The problem: Whatever appears in the records, retype it exactly, except for the pictures.

Task input:

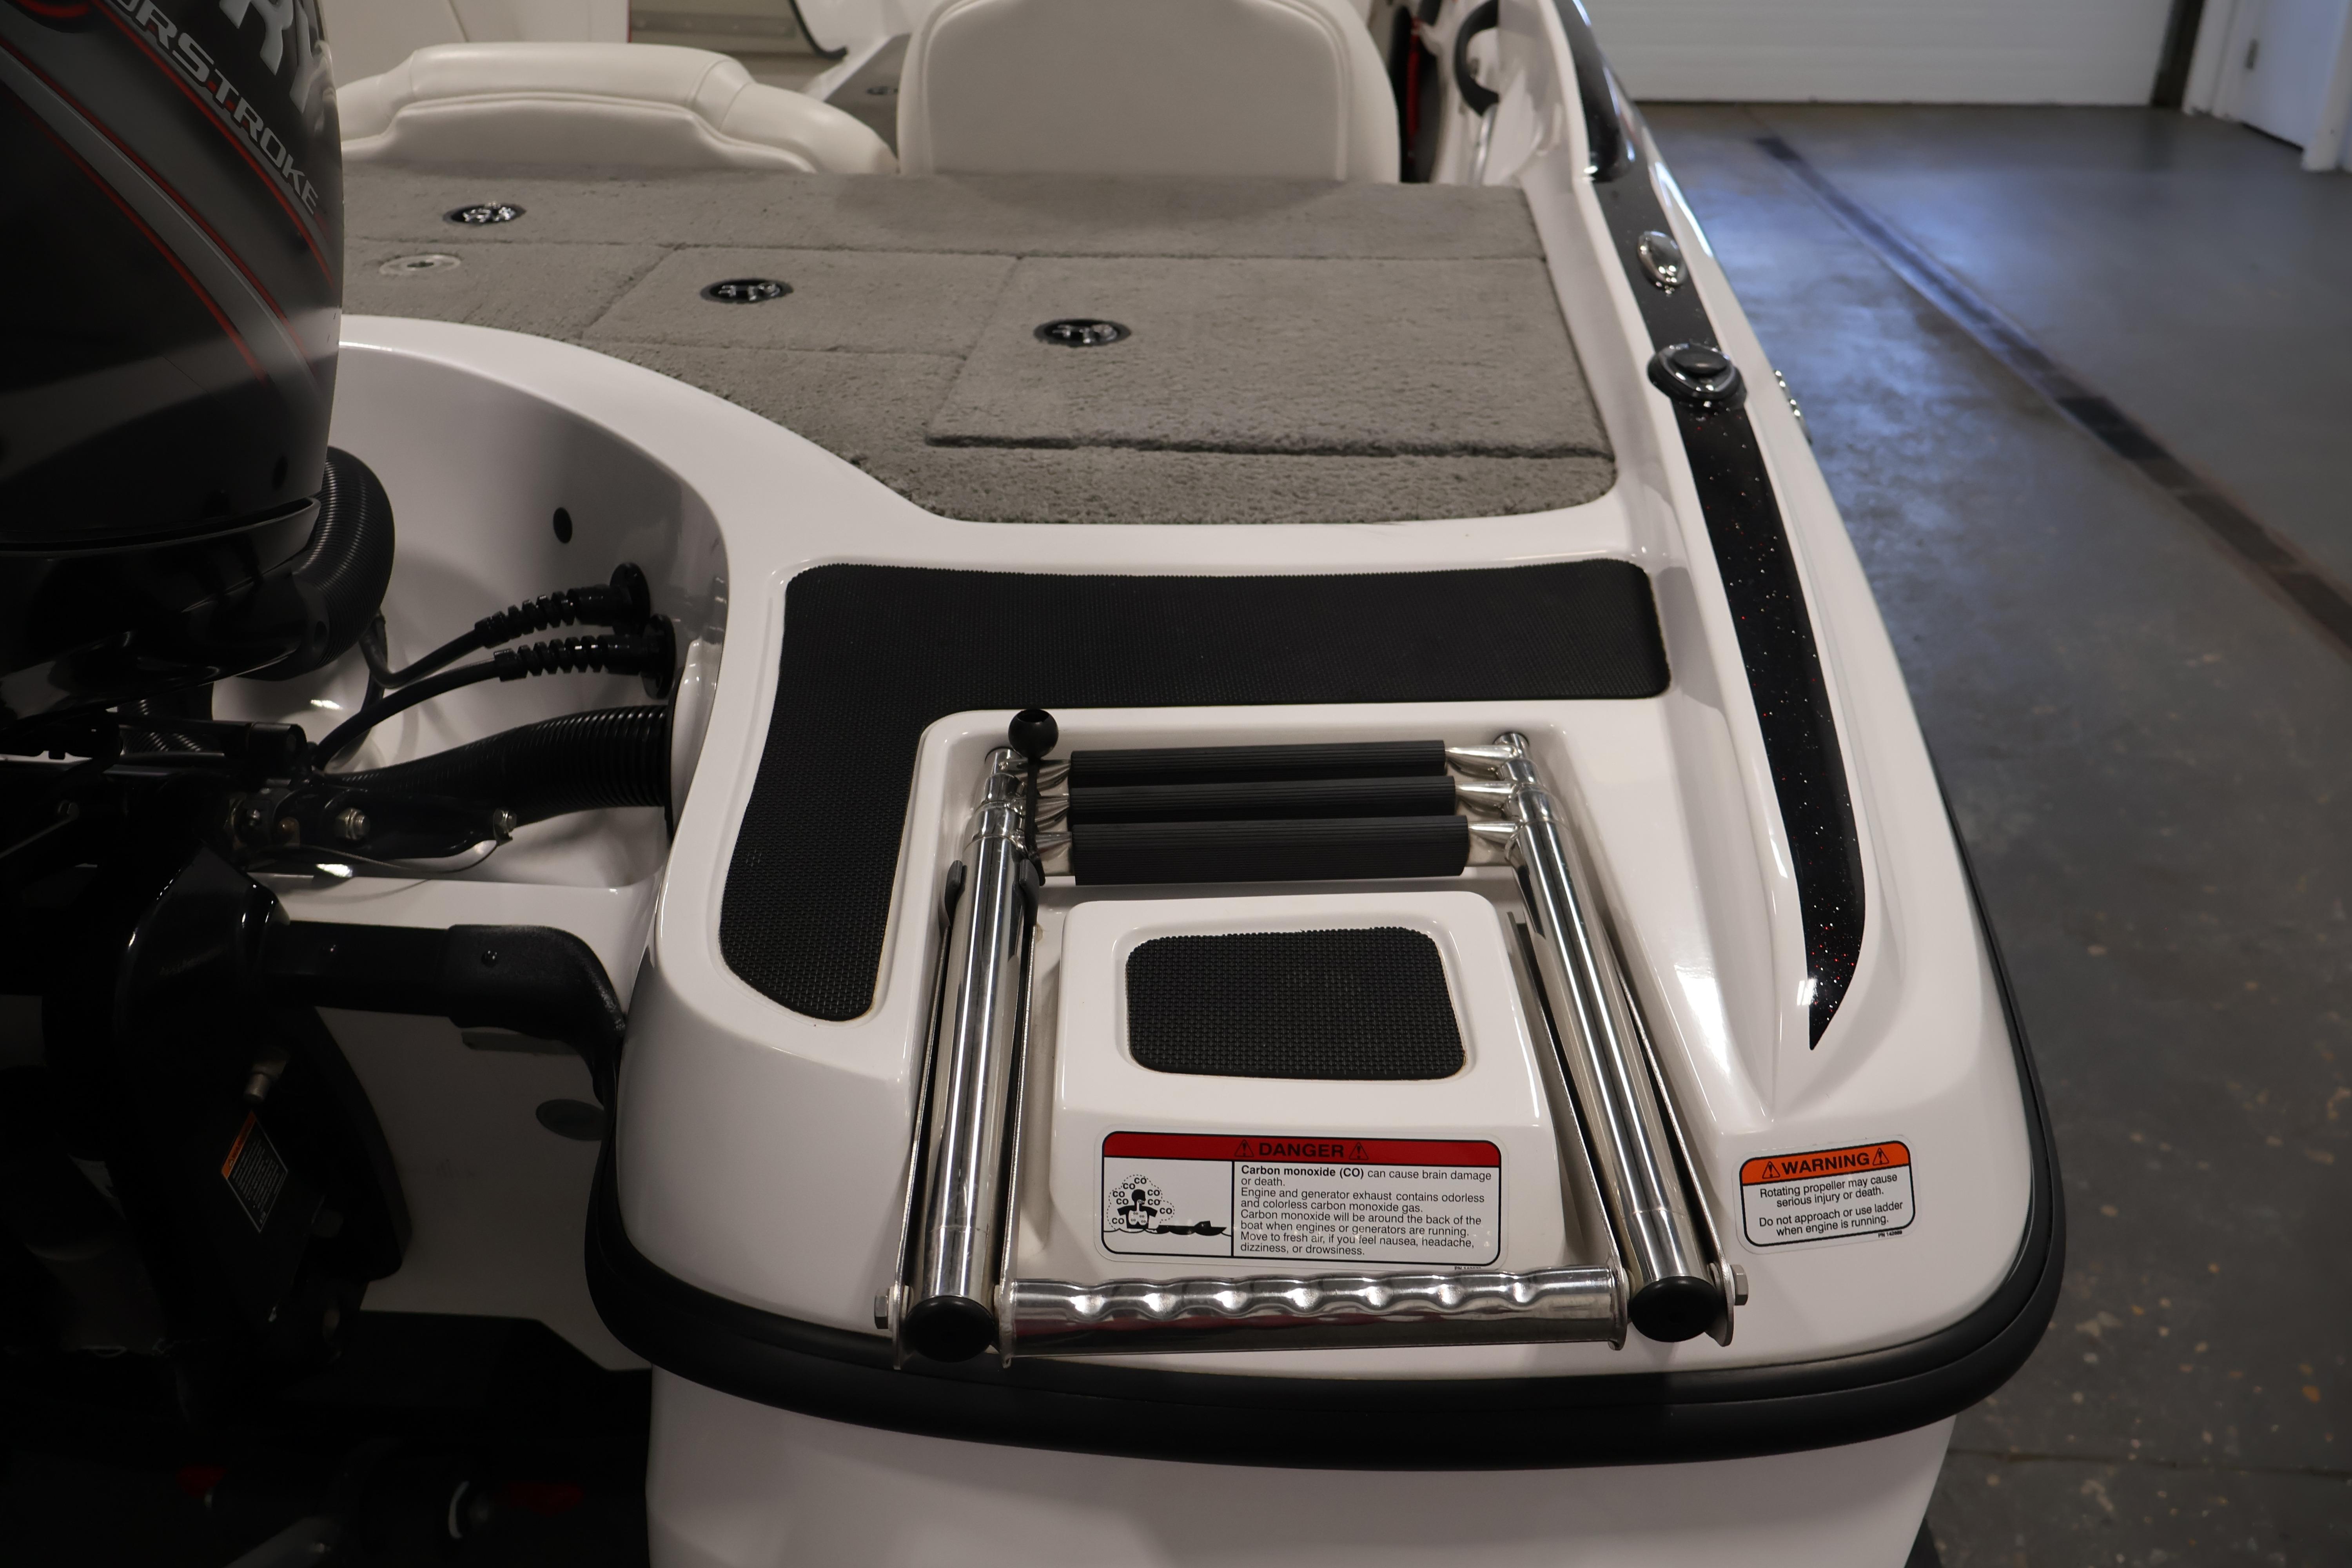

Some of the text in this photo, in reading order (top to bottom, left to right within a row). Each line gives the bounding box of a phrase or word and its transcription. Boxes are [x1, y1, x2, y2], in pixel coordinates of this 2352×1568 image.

[1259, 1143, 1344, 1158] DANGER
[1781, 1152, 1869, 1175] WARNING
[1241, 1165, 1280, 1175] Carbon
[1283, 1167, 1336, 1177] monoxide
[1339, 1167, 1364, 1180] (CO)
[1389, 1171, 1419, 1179] cause
[1422, 1170, 1447, 1180] brain
[1450, 1171, 1492, 1183] damage
[1254, 1176, 1285, 1187] death.
[1241, 1187, 1485, 1203] Engine and generator exhaust contains odorless
[1760, 1174, 1898, 1198] Rotating propeller may cause
[1241, 1198, 1423, 1214] and colorless carbon monoxide gas.
[1776, 1186, 1884, 1208] serious injury or death.
[1241, 1209, 1482, 1225] Carbon monoxide will be around the back of the
[1759, 1201, 1903, 1227] Do not approach or use ladder
[1241, 1220, 1263, 1230] boat
[1265, 1221, 1293, 1231] when
[1296, 1222, 1336, 1234] engines
[1352, 1225, 1406, 1235] generators
[1428, 1226, 1469, 1238] running.
[1776, 1215, 1889, 1236] when engine is running.
[1240, 1242, 1289, 1254] dizziness,
[1305, 1244, 1365, 1255] drowsiness.
[1241, 1231, 1474, 1249] Move to fresh air, if you feel nausea, headache,
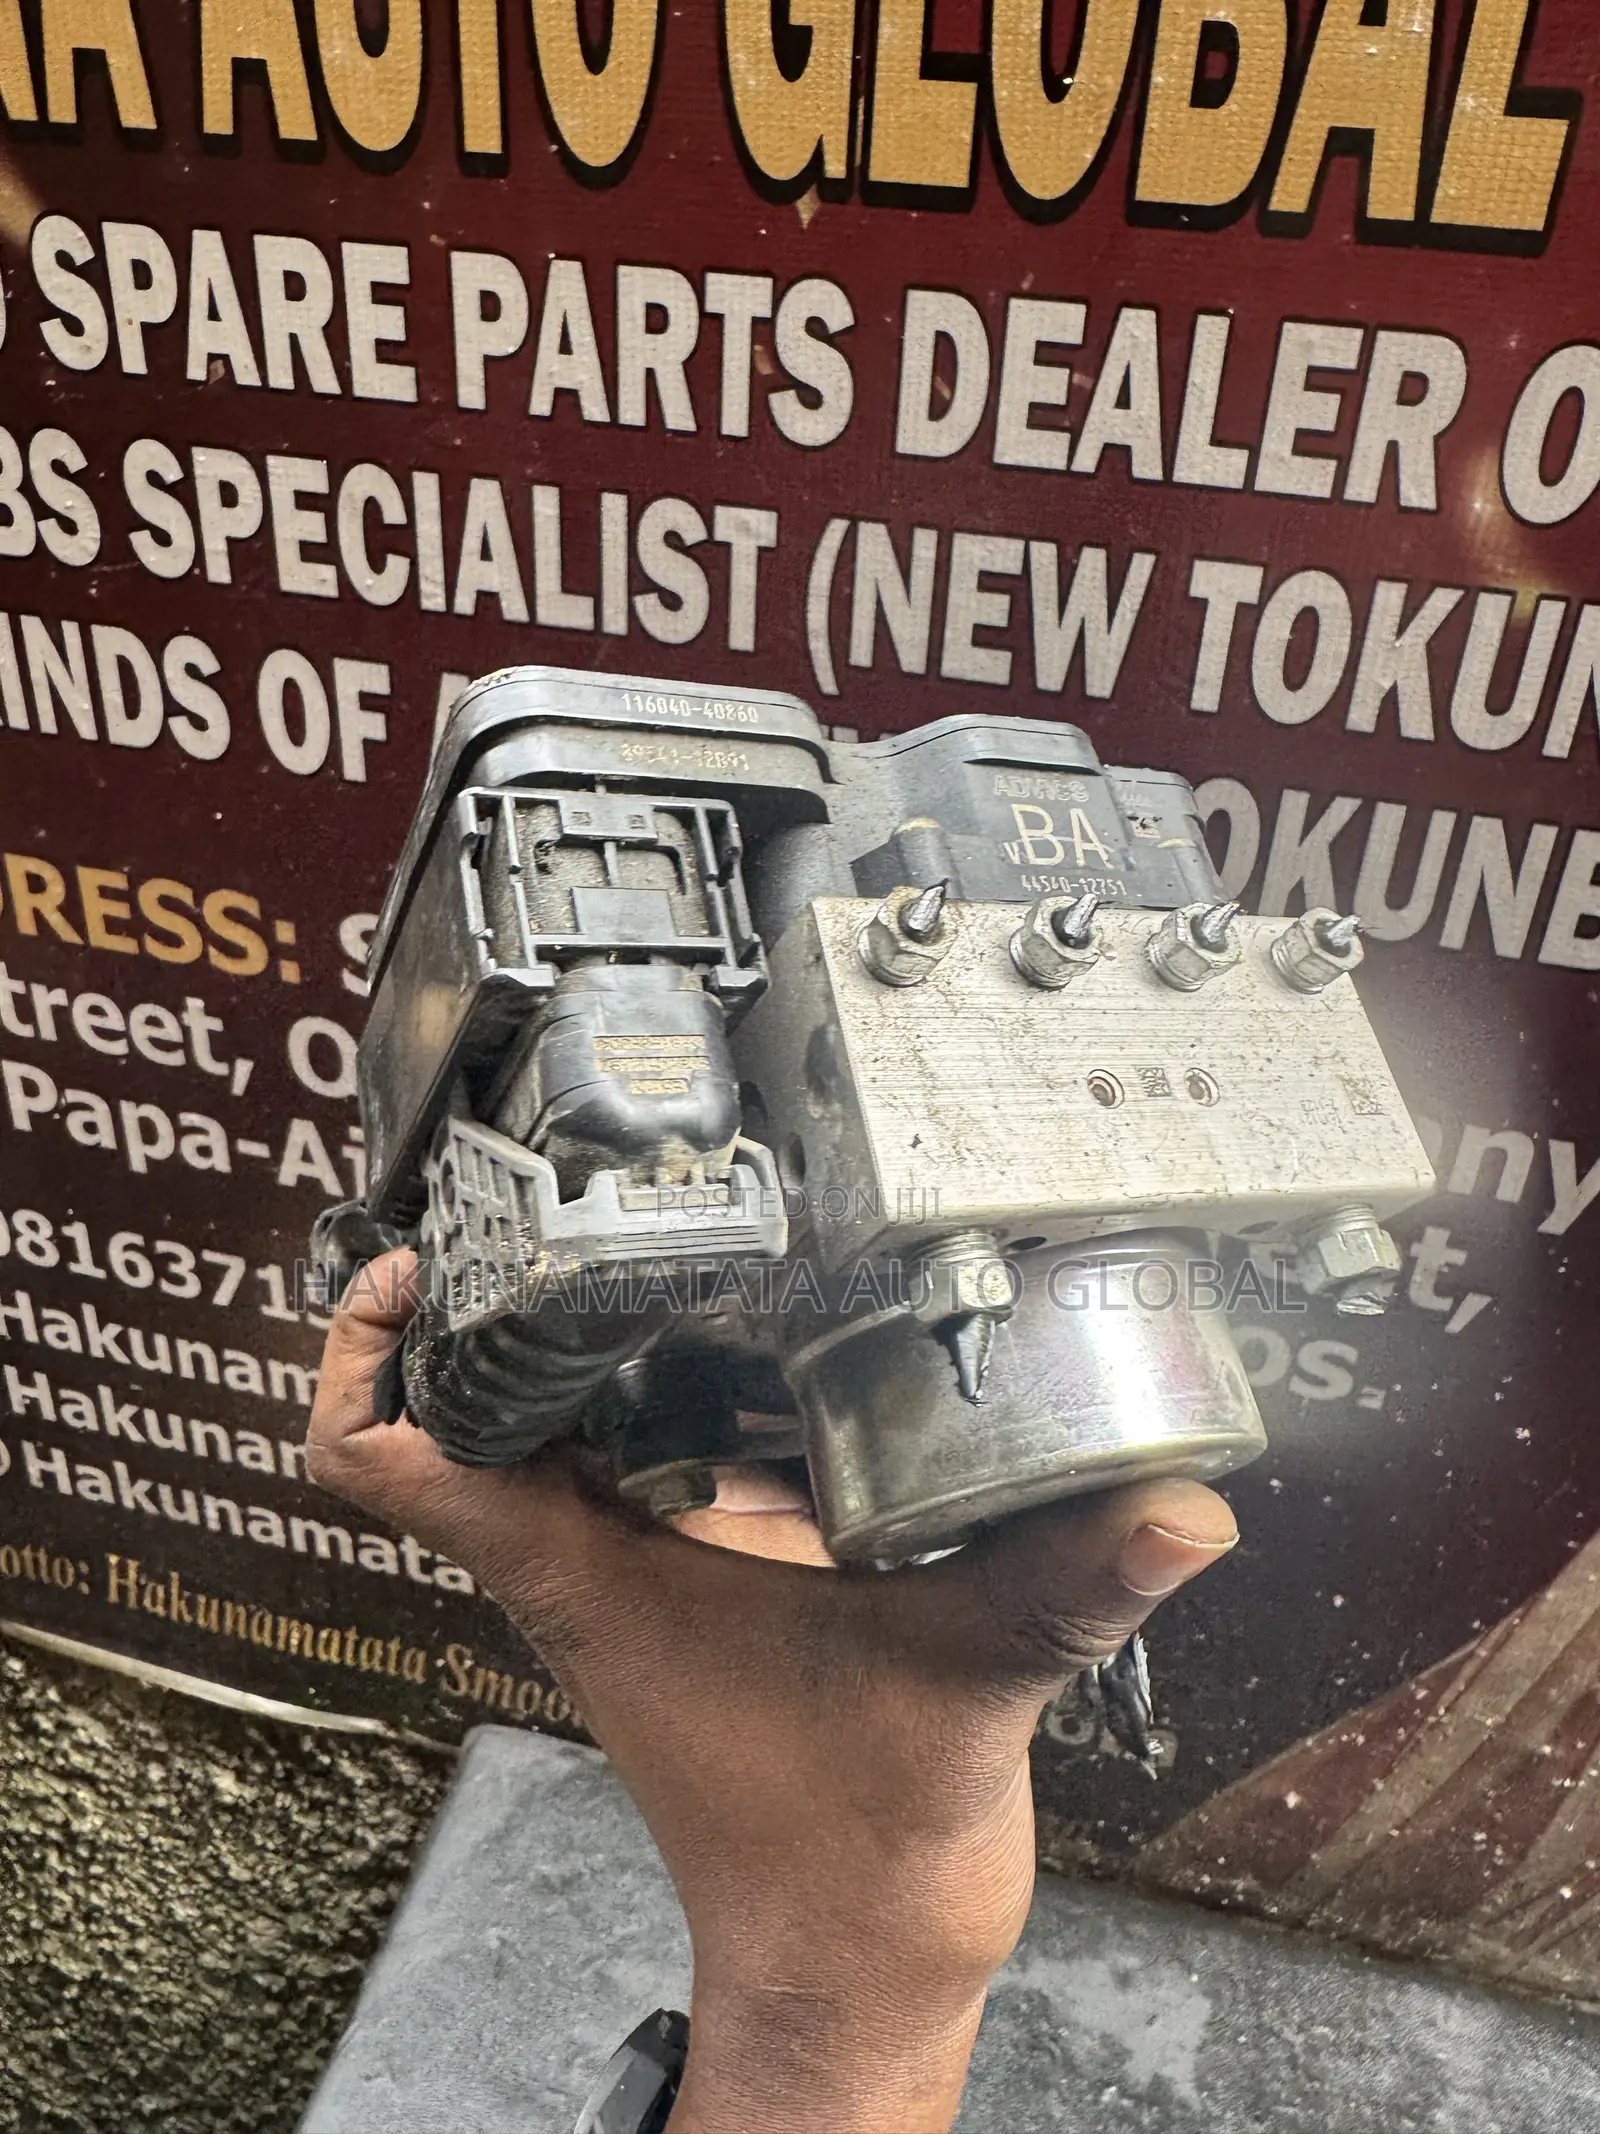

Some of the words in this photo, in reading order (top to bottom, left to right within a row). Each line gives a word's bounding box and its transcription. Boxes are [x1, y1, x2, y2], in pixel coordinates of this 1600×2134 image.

Written response:
Some of the text in this photo, in reading order (top to bottom, left to right within a row). Each line gives the bounding box of a phrase or word and its transcription. Boxes are [x1, y1, x2, y2], in pixel coordinates of this 2352×1568 image.

[1259, 1143, 1344, 1158] DANGER
[1781, 1152, 1869, 1175] WARNING
[1241, 1165, 1280, 1175] Carbon
[1283, 1167, 1336, 1177] monoxide
[1339, 1167, 1364, 1180] (CO)
[1389, 1171, 1419, 1179] cause
[1422, 1170, 1447, 1180] brain
[1450, 1171, 1492, 1183] damage
[1254, 1176, 1285, 1187] death.
[1241, 1187, 1485, 1203] Engine and generator exhaust contains odorless
[1760, 1174, 1898, 1198] Rotating propeller may cause
[1241, 1198, 1423, 1214] and colorless carbon monoxide gas.
[1776, 1186, 1884, 1208] serious injury or death.
[1241, 1209, 1482, 1225] Carbon monoxide will be around the back of the
[1759, 1201, 1903, 1227] Do not approach or use ladder
[1241, 1220, 1263, 1230] boat
[1265, 1221, 1293, 1231] when
[1296, 1222, 1336, 1234] engines
[1352, 1225, 1406, 1235] generators
[1428, 1226, 1469, 1238] running.
[1776, 1215, 1889, 1236] when engine is running.
[1240, 1242, 1289, 1254] dizziness,
[1305, 1244, 1365, 1255] drowsiness.
[1241, 1231, 1474, 1249] Move to fresh air, if you feel nausea, headache,

Some of the words in this photo, in reading order (top to bottom, left to right within a row). Each line gives a word's bounding box and its transcription. Boxes are [x1, y1, x2, y2], in pixel coordinates of this 1600×2134 image.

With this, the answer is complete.